The sanctions follow Iran's downing last week of a U.S. surveillance drone, worth over $100 million US, over the Strait of Hormuz, an attack that sharply escalated the crisis in the Persian Gulf. After the downing of the drone, Trump pulled back from the brink of retaliatory military strikes but continued his pressure campaign against Iran.

U.S. officials also said they plan sanctions against Iranian Foreign Minister Mohammad Javad Zarif, something that drew Rouhani's anger during his televised address on Tuesday.

"You sanction the foreign minister simultaneously with a request for talks," an exasperated Rouhani said and called the sanctions "outrageous and idiotic."

"The White House is afflicted by mental retardation and does not know what to do," Rouhani added.

The purported wreckage of a U.S. drone that was downed by Iran last week. (Meghdad Madadi/Tasnim News Agency/Handout via Reuters)

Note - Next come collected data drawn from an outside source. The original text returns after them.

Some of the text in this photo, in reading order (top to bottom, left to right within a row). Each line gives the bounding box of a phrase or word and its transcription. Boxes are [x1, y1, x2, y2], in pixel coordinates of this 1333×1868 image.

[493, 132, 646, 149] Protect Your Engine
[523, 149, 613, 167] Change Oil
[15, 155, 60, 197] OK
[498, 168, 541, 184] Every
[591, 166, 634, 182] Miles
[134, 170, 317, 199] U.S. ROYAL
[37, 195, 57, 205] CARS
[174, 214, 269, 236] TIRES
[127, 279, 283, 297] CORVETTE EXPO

There was no immediate reaction from Washington early on Tuesday to the remarks from Iran. The sharp comments are reminiscent of North Korea's verbal attacks on Trump before the dramatic change in course and the start of negotiations with Washington. However, in Iran's case, there are no signs Iranian leadership would welcome talks.

Mousavi's statement echoed that of Iran's UN ambassador, Majid Takht Ravanchi, who warned on Monday that the situation in the Persian Gulf is "very dangerous" and said any talks with the U.S. are impossible in the face of escalating sanctions and intimidation. Meanwhile, the U.S. envoy at the United Nations, Jonathan Cohen, said the Trump administration's aim is to get Tehran back to negotiations.

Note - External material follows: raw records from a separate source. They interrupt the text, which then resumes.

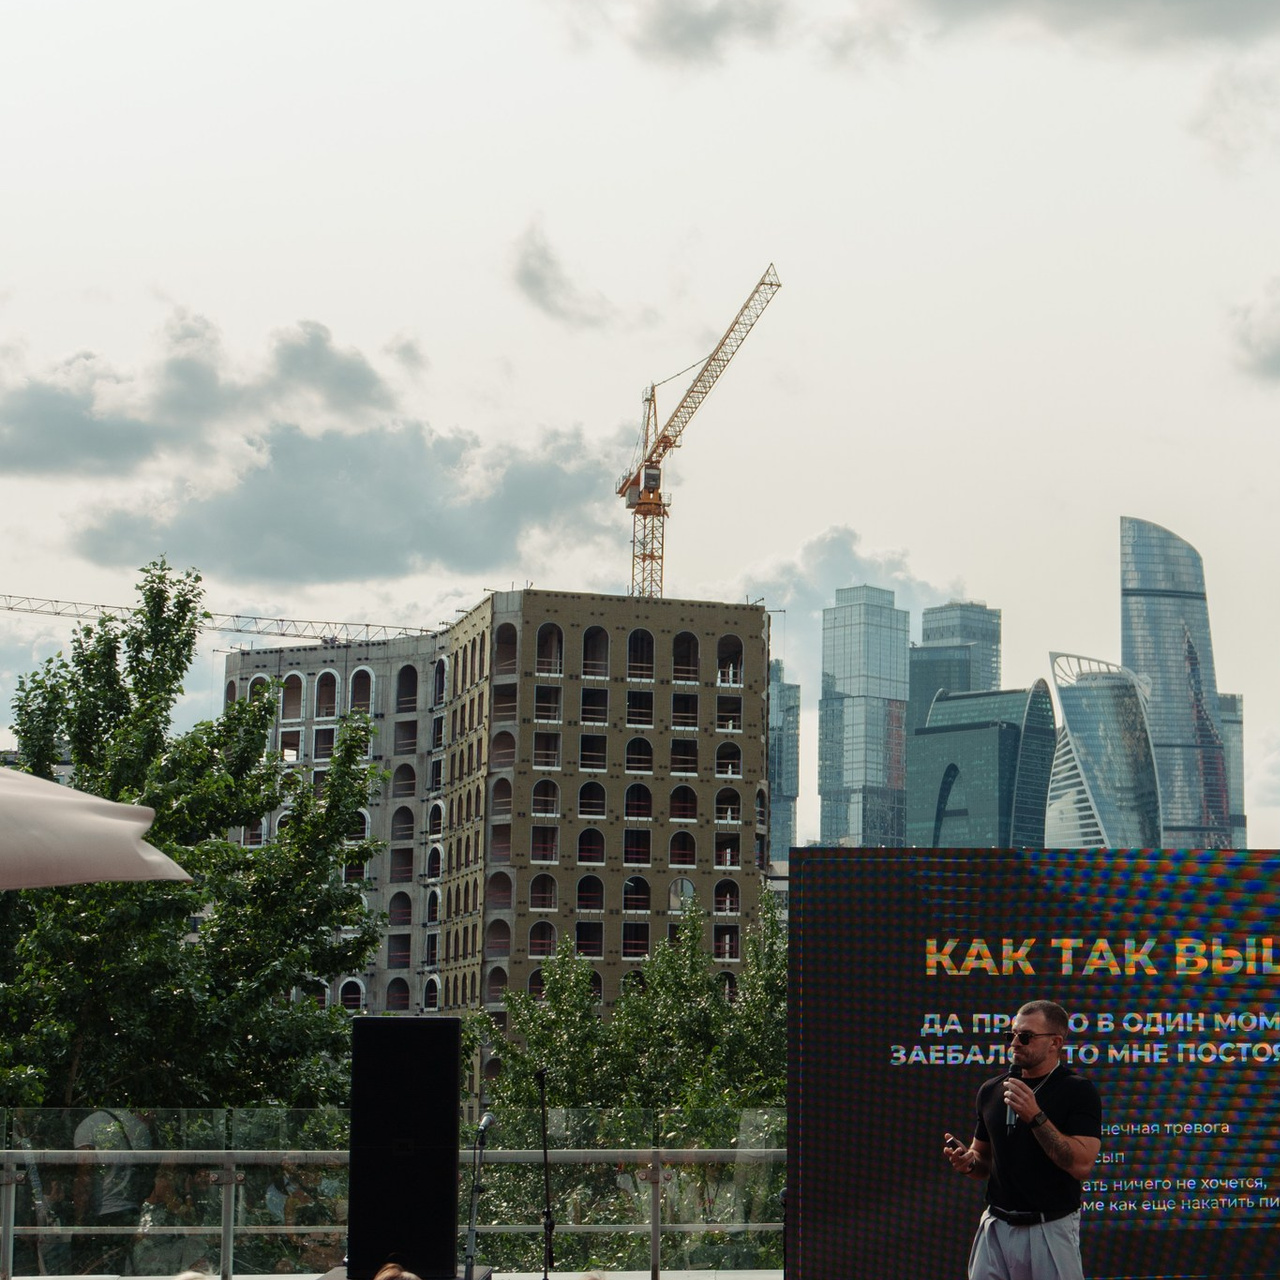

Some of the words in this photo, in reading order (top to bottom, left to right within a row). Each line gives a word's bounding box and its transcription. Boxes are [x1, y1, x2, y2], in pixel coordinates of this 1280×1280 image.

[925, 938, 1037, 976] КАК
[1051, 938, 1159, 976] ТАК
[920, 1013, 964, 1037] ДА
[972, 1012, 1089, 1034] ПРО
[1097, 1012, 1115, 1032] В
[1122, 1012, 1205, 1036] ОДИН
[1062, 1043, 1099, 1065] ТО
[1107, 1043, 1168, 1064] МНЕ
[1164, 1122, 1230, 1137] тревога
[1113, 1178, 1172, 1192] ничего
[1176, 1178, 1197, 1190] не
[1200, 1176, 1267, 1191] хочется,
[1109, 1199, 1137, 1211] как
[1141, 1199, 1176, 1213] еще
[1181, 1197, 1255, 1211] накатить

Bolton, Pompeo holding meetings abroad

The sanctions were announced as U.S. Secretary of State Mike Pompeo held talks in the Middle East with officials in the United Arab Emirates and Saudi Arabia about building a broad, global coalition that includes Asian and European countries to counter Iran. Pompeo is likely to face a tough sell in Europe and Asia, particularly from those nations still committed to the 2015 nuclear deal.

Meanwhile, John Bolton, the U.S. national security adviser, said Trump was open to real negotiations to eliminate Iran's nuclear weapons program and "all that Iran needs to do is walk through that open door."

Bolton was meeting with his Russian and Israeli counterparts in a first-of-its-kind trilateral security summit in Jerusalem that was focused on Iranian involvement in conflicts across the region, particularly in neighbouring Syria.

"As we speak, American diplomatic representatives are surging across the Middle East, seeking a path to peace. In response, Iran's silence has been deafening," he said. "There is simply no evidence that Iran has made the strategic decision to renounce nuclear weapons and open realistic discussions to demonstrate that decision."

However, Bolton said "all options remain on the table" if Iran exceeds the uranium enrichment limit under the 2015 deal and added it would be "a very serious mistake for Iran to ignore those limits."

Earlier, Russian national security adviser Nikolai Patrushev rebuffed U.S. and Israeli attempts to isolate Iran and urged both countries to show "restraint" toward the Islamic Republic.

Patrushev said attempts to present Iran "as the main threat to regional security" or equate it to international terrorist groups are "not acceptable."

"Iran is contributing a lot to fighting terrorists on the Syrian soil and stabilizing the situation there," he added

Israeli Prime Minister Benjamin Netanyahu called for the three countries to agree on expelling foreign forces from neighbouring Syria, and said Israel will not allow Iran to establish a permanent military presence there.

Patrushev called on Israel and the U.S. to encourage a political settlement in Syria.